▶ [Work instructions]:
Copy the lines below as they are; omit the images they contain.
Dataset records START
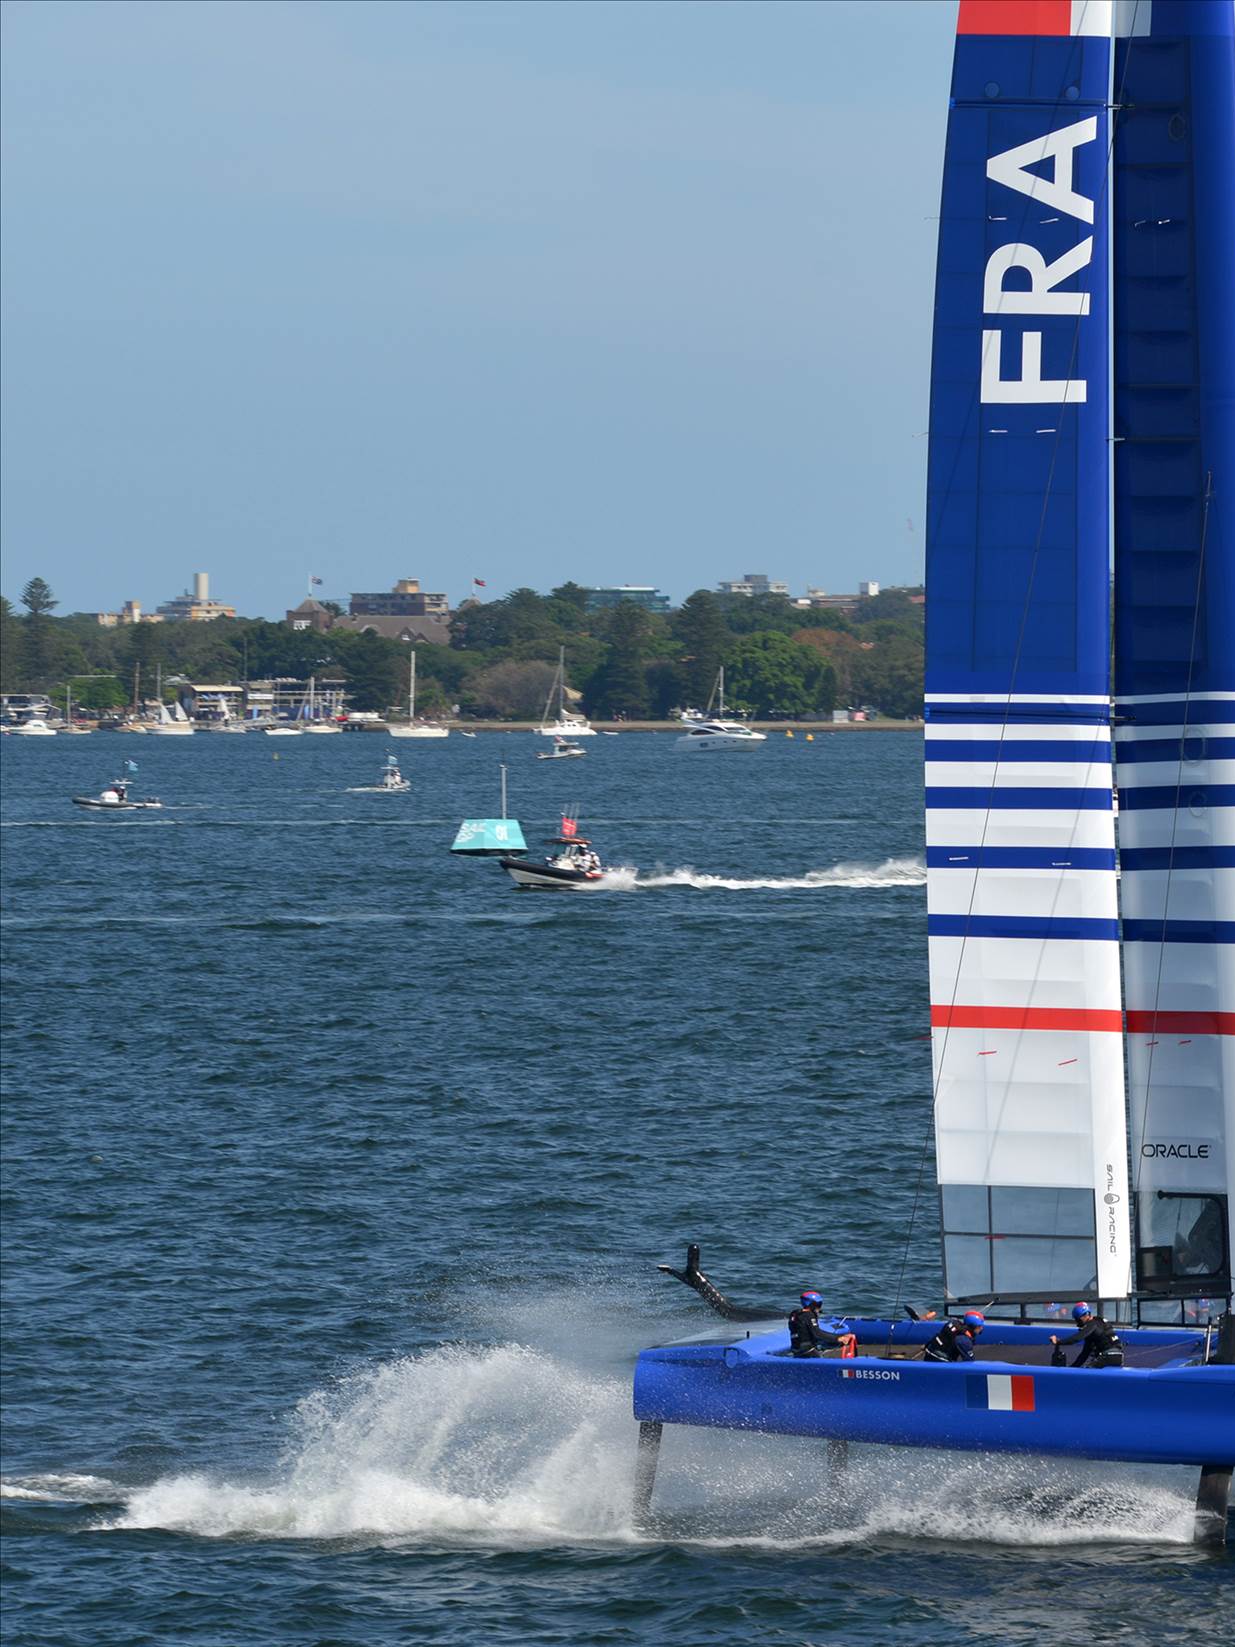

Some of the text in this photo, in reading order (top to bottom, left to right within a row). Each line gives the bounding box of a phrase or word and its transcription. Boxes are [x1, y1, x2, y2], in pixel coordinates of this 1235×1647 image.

[980, 115, 1098, 404] FRA
[1141, 1143, 1209, 1159] ORACLE
[1106, 1163, 1117, 1254] SAIL RACING
[855, 1369, 901, 1381] BESSON
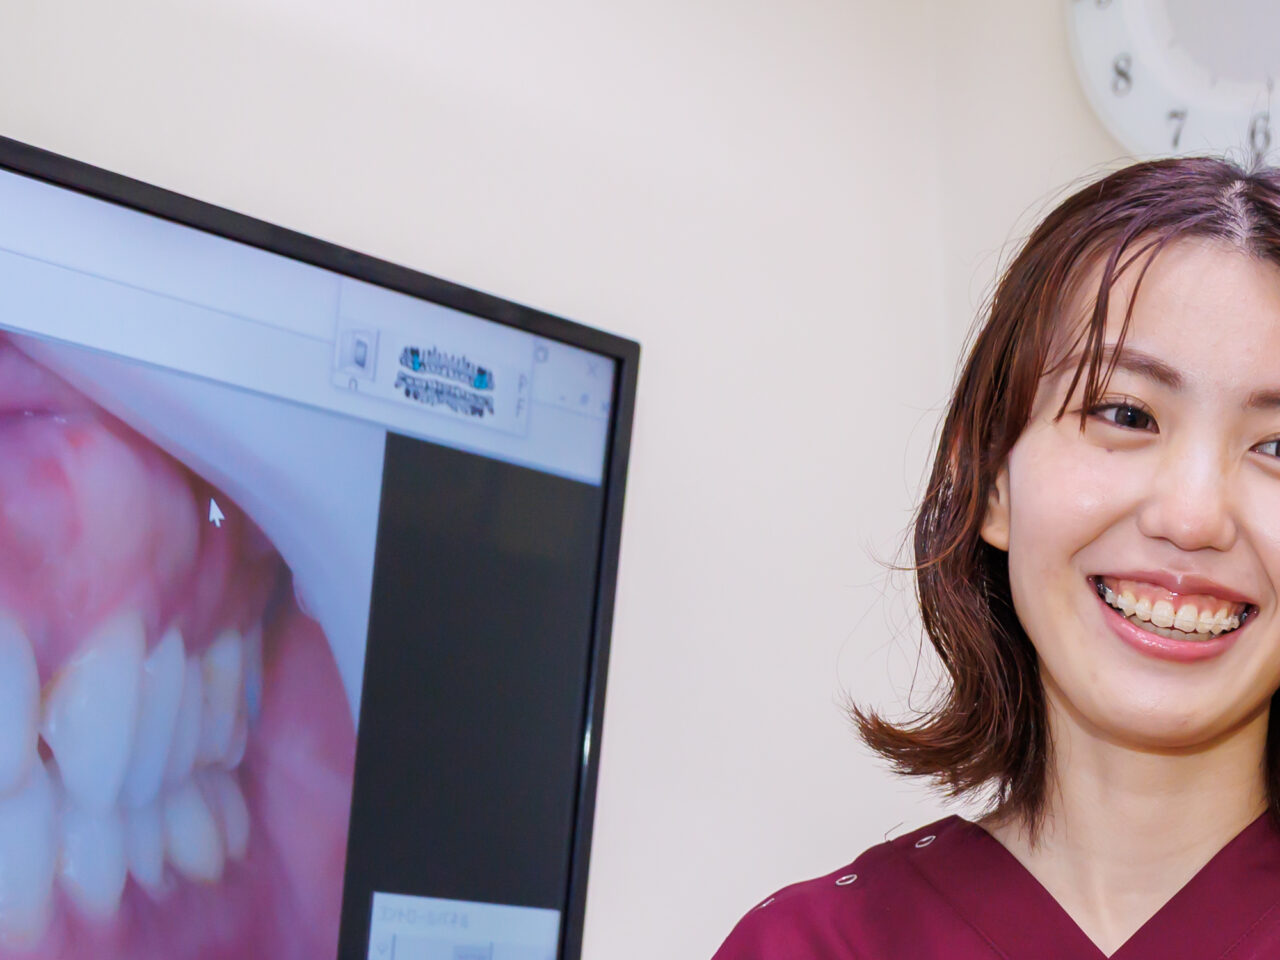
Dataset records END
▶ [Task output]:
Some of the text in this photo, in reading order (top to bottom, left to right within a row). Each line gives the bounding box of a phrase or word and its transcription. Boxes are [x1, y1, x2, y2], in pixel coordinates of this 1235×1647 image.

[980, 115, 1098, 404] FRA
[1141, 1143, 1209, 1159] ORACLE
[1106, 1163, 1117, 1254] SAIL RACING
[855, 1369, 901, 1381] BESSON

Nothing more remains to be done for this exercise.